Welcome to the new, Pharohylaeus lactiferus ! This bee species native to the rainforests of eastern Australia had not been seen since 1923. At the time, only six specimens had been collected.

We owe this lovely discovery to James Dorey, who is currently a doctoral student at Flinders University. The latter recently ventured into the rainforests of Queensland and northern New South Wales as part of his thesis on the relationship between ground-nesting bees. Having learned of the possible disappearance of Pharohylaeus lactiferus in this Australian region, he also took the opportunity to conduct his own investigation.

Finally, the entomologist isolated several on three of the 245 sites studied, although there were a few false alarms along the way. “P. lactiferus is part of a group called the masked bees which are relatively hairless and have quite noticeable facial markings“, Explains the researcher. “This makes them easy to distinguish from other bees“.

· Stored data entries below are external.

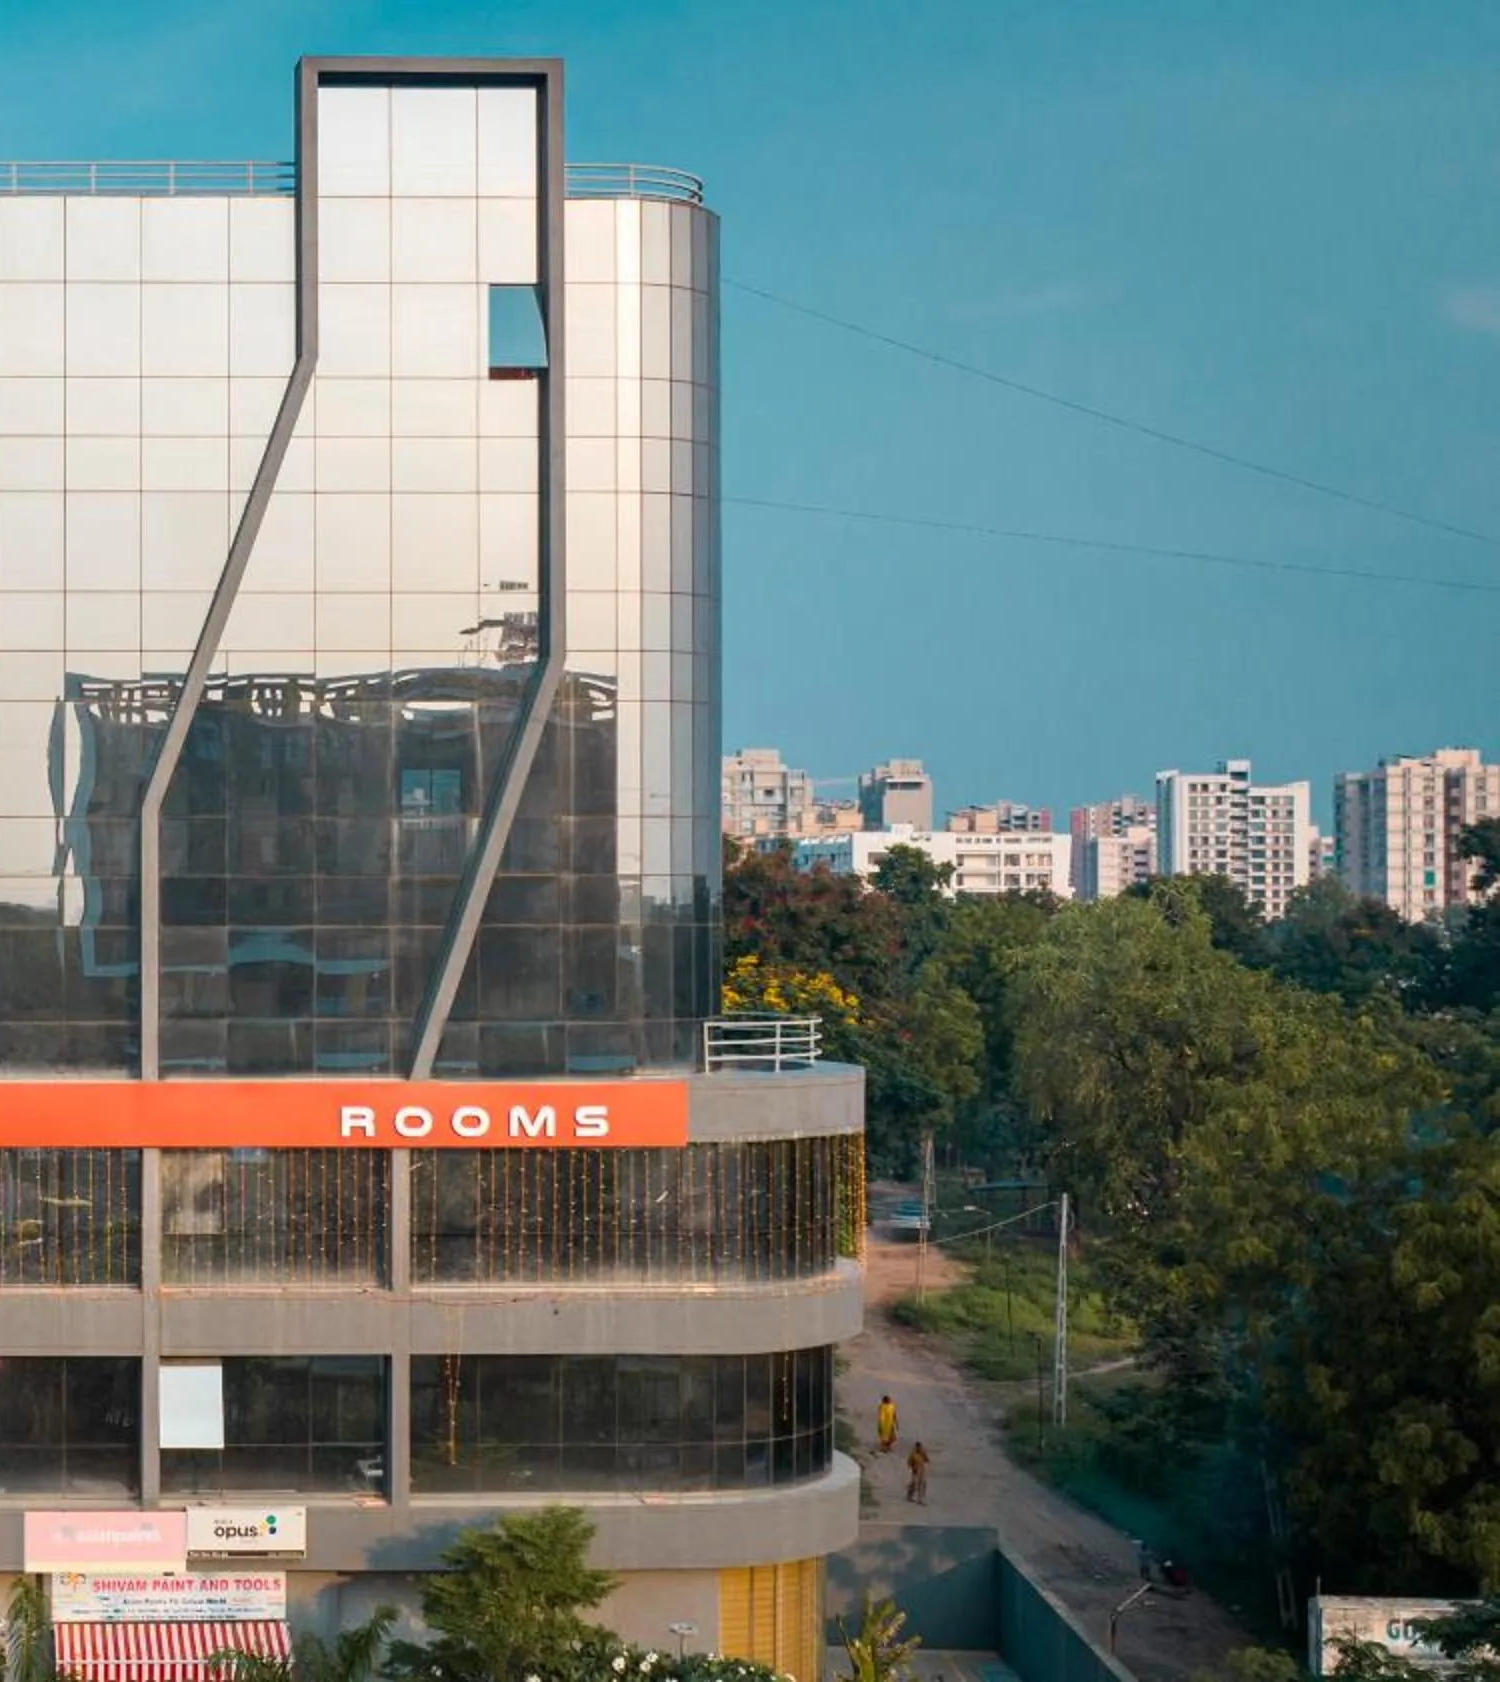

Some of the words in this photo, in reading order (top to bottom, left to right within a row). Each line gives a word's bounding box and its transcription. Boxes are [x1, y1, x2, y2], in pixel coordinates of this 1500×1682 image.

[341, 1105, 609, 1137] ROOMS
[213, 1524, 258, 1540] opus
[92, 1577, 148, 1593] SHIVAM
[151, 1577, 195, 1593] PAINT
[198, 1577, 231, 1593] AND
[234, 1577, 282, 1593] TOOLS

A close-up portrait of Pharohylaeus lactiferus. The species has been sighted again 98 years after its discovery. Credit: James Dorey

According to the first analyzes of the entomologist, published in the Journal of Hymenoptera Research, P. lactiferus only evolves on the outskirts of tropical and subtropical forests. In addition, she only interested in the flowers of two trees : Stenocarpus sinuatis, says the tree fire wheel, and Brachychiton acerifolius, a bright red bell-flowering tree.

The researcher also notes that other bees pollinate the same flowers. In addition, if it were to become extinct, the species would not carry these plants with it. Of course, we don’t wish him luck.

Restore natural habitats

As the study points out, the greatest threats to ecosystems and species around the world are habitat loss, fragmentation and degradation. Australia is not spared. More than 40% of its forests and wooded areas have indeed been cleared since European colonization to serve breeding. Over the past 40 years, more than half of all clearing in Australia has taken place in Queensland.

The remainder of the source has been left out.